Exercise - Print all records exactly, pictures left out.

- Opening Delimiter -

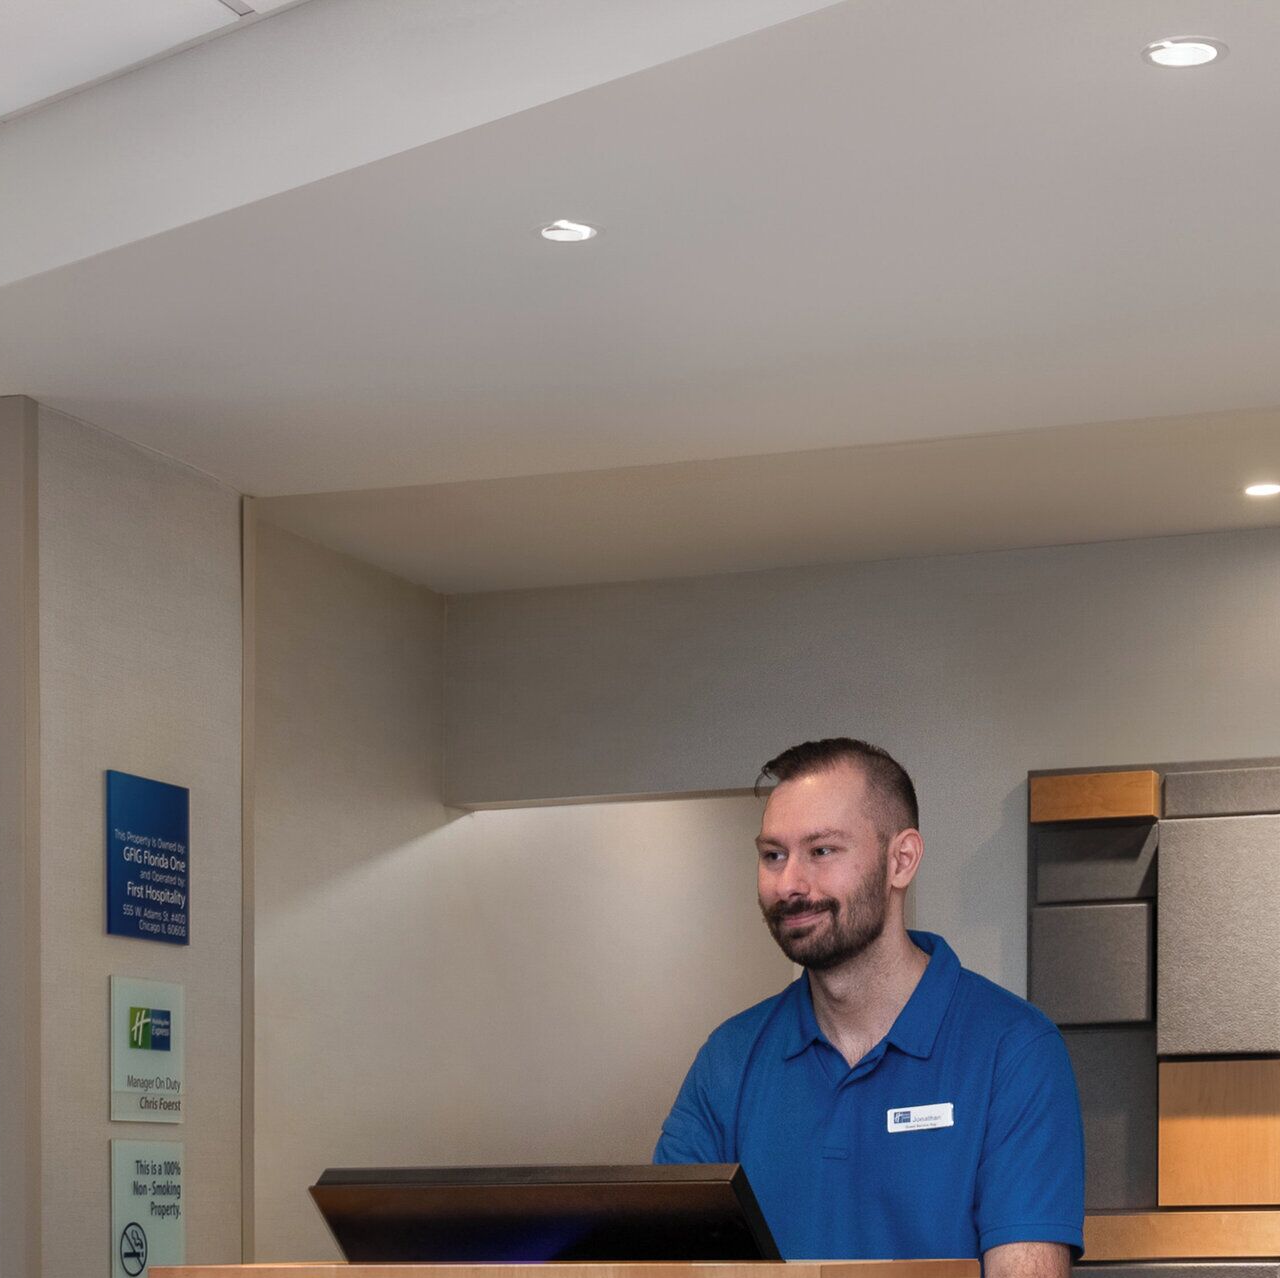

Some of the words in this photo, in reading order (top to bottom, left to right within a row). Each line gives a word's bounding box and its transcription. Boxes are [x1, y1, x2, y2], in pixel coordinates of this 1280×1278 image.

[127, 832, 151, 848] Property
[143, 850, 168, 869] Florida
[169, 856, 186, 873] One
[140, 870, 151, 881] and
[127, 881, 144, 898] First
[145, 884, 186, 910] Hospitality
[138, 919, 161, 934] Chicago
[127, 1074, 155, 1092] Manager
[155, 1076, 165, 1090] On
[165, 1077, 181, 1093] Duty
[140, 1096, 158, 1110] Chris
[159, 1097, 181, 1111] Foerst
[135, 1160, 150, 1175] This
[150, 1160, 157, 1175] is
[163, 1161, 181, 1175] 100%
[132, 1180, 148, 1195] Non
[152, 1180, 181, 1199] Smoking
[150, 1201, 181, 1220] Property.

- Closing Delimiter -

Your solution -
Some of the words in this photo, in reading order (top to bottom, left to right within a row). Each line gives a word's bounding box and its transcription. Boxes are [x1, y1, x2, y2], in pixel coordinates of this 1280×1278 image.

[127, 832, 151, 848] Property
[143, 850, 168, 869] Florida
[169, 856, 186, 873] One
[140, 870, 151, 881] and
[127, 881, 144, 898] First
[145, 884, 186, 910] Hospitality
[138, 919, 161, 934] Chicago
[127, 1074, 155, 1092] Manager
[155, 1076, 165, 1090] On
[165, 1077, 181, 1093] Duty
[140, 1096, 158, 1110] Chris
[159, 1097, 181, 1111] Foerst
[135, 1160, 150, 1175] This
[150, 1160, 157, 1175] is
[163, 1161, 181, 1175] 100%
[132, 1180, 148, 1195] Non
[152, 1180, 181, 1199] Smoking
[150, 1201, 181, 1220] Property.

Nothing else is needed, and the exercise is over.